Exercise: Copy the records exactly, leaving out every picture.

Information given:

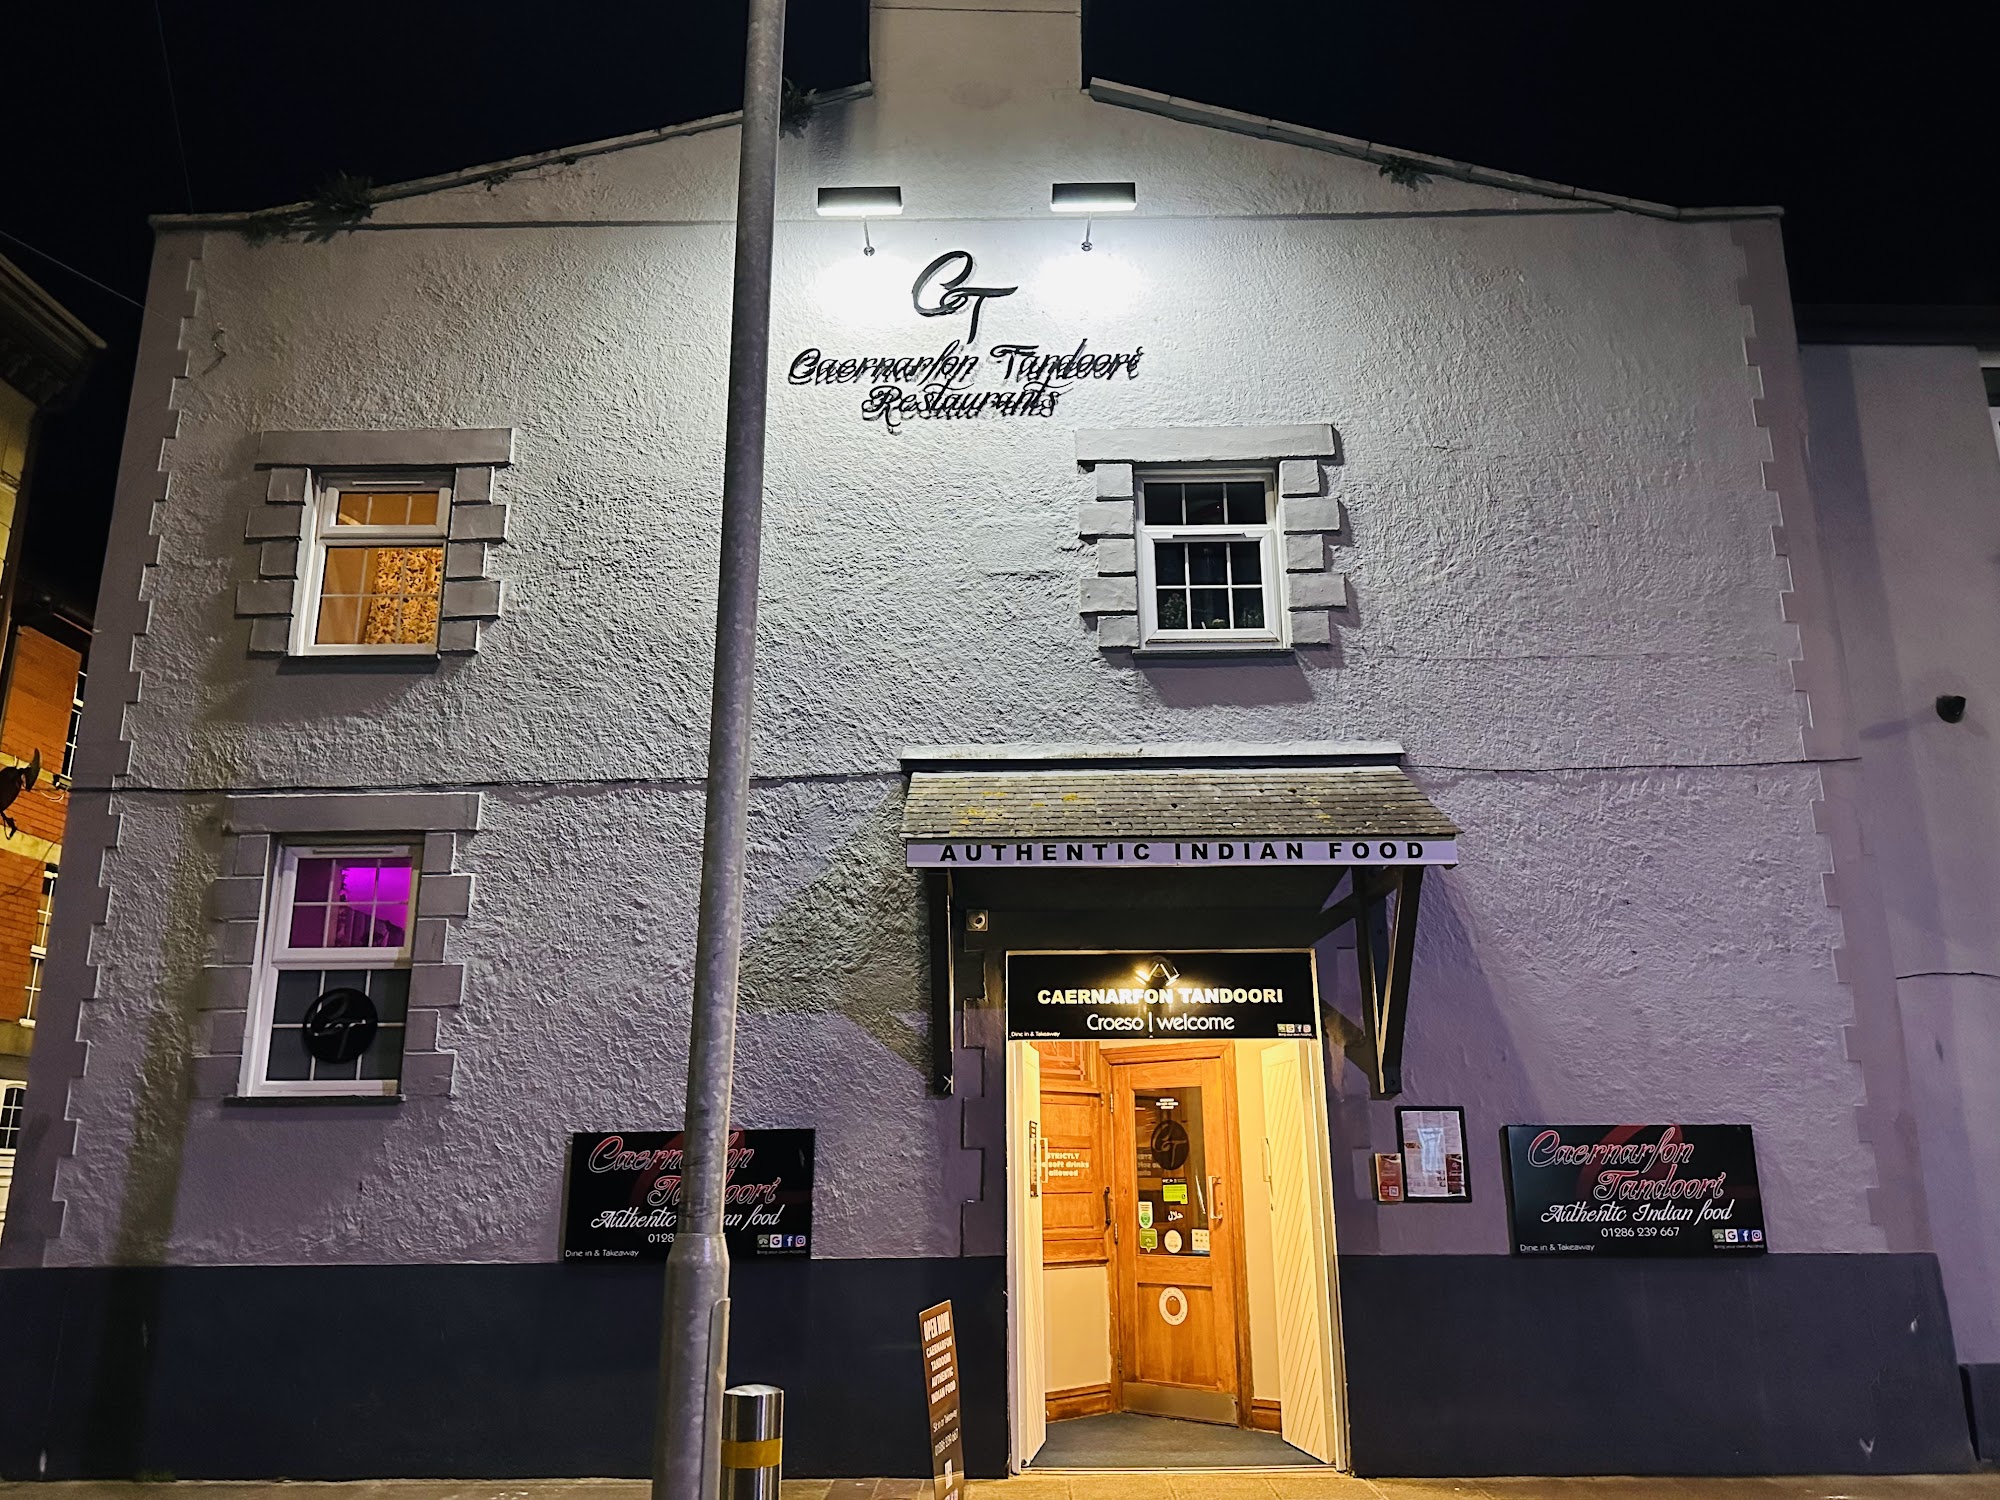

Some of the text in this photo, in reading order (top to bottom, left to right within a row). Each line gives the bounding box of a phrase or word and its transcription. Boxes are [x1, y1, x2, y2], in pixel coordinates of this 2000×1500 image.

[788, 339, 1144, 384] Caernarfon Tandoori
[861, 377, 1068, 432] Restaurants
[940, 841, 1424, 862] AUTHENTIC INDIAN FOOD
[1037, 988, 1284, 1004] CAERNARFON TANDOORI
[1086, 1012, 1235, 1031] Croeso welcome
[588, 1132, 755, 1174] Caernon
[1527, 1126, 1695, 1173] Caernarfon
[1593, 1163, 1727, 1200] Tandoori
[590, 1206, 677, 1228] Authentic
[741, 1204, 786, 1231] food
[1540, 1199, 1736, 1226] Authentic Indian food
[648, 1233, 675, 1243] 0128
[1601, 1226, 1680, 1238] 01286 239 667
[565, 1249, 583, 1257] Dine
[602, 1249, 640, 1257] Takeaway
[1519, 1244, 1539, 1252] Dine
[1549, 1243, 1556, 1251] &
[1557, 1243, 1595, 1252] Takeaway

Solution for this exercise:
Some of the text in this photo, in reading order (top to bottom, left to right within a row). Each line gives the bounding box of a phrase or word and its transcription. Boxes are [x1, y1, x2, y2], in pixel coordinates of this 2000×1500 image.

[788, 339, 1144, 384] Caernarfon Tandoori
[861, 377, 1068, 432] Restaurants
[940, 841, 1424, 862] AUTHENTIC INDIAN FOOD
[1037, 988, 1284, 1004] CAERNARFON TANDOORI
[1086, 1012, 1235, 1031] Croeso welcome
[588, 1132, 755, 1174] Caernon
[1527, 1126, 1695, 1173] Caernarfon
[1593, 1163, 1727, 1200] Tandoori
[590, 1206, 677, 1228] Authentic
[741, 1204, 786, 1231] food
[1540, 1199, 1736, 1226] Authentic Indian food
[648, 1233, 675, 1243] 0128
[1601, 1226, 1680, 1238] 01286 239 667
[565, 1249, 583, 1257] Dine
[602, 1249, 640, 1257] Takeaway
[1519, 1244, 1539, 1252] Dine
[1549, 1243, 1556, 1251] &
[1557, 1243, 1595, 1252] Takeaway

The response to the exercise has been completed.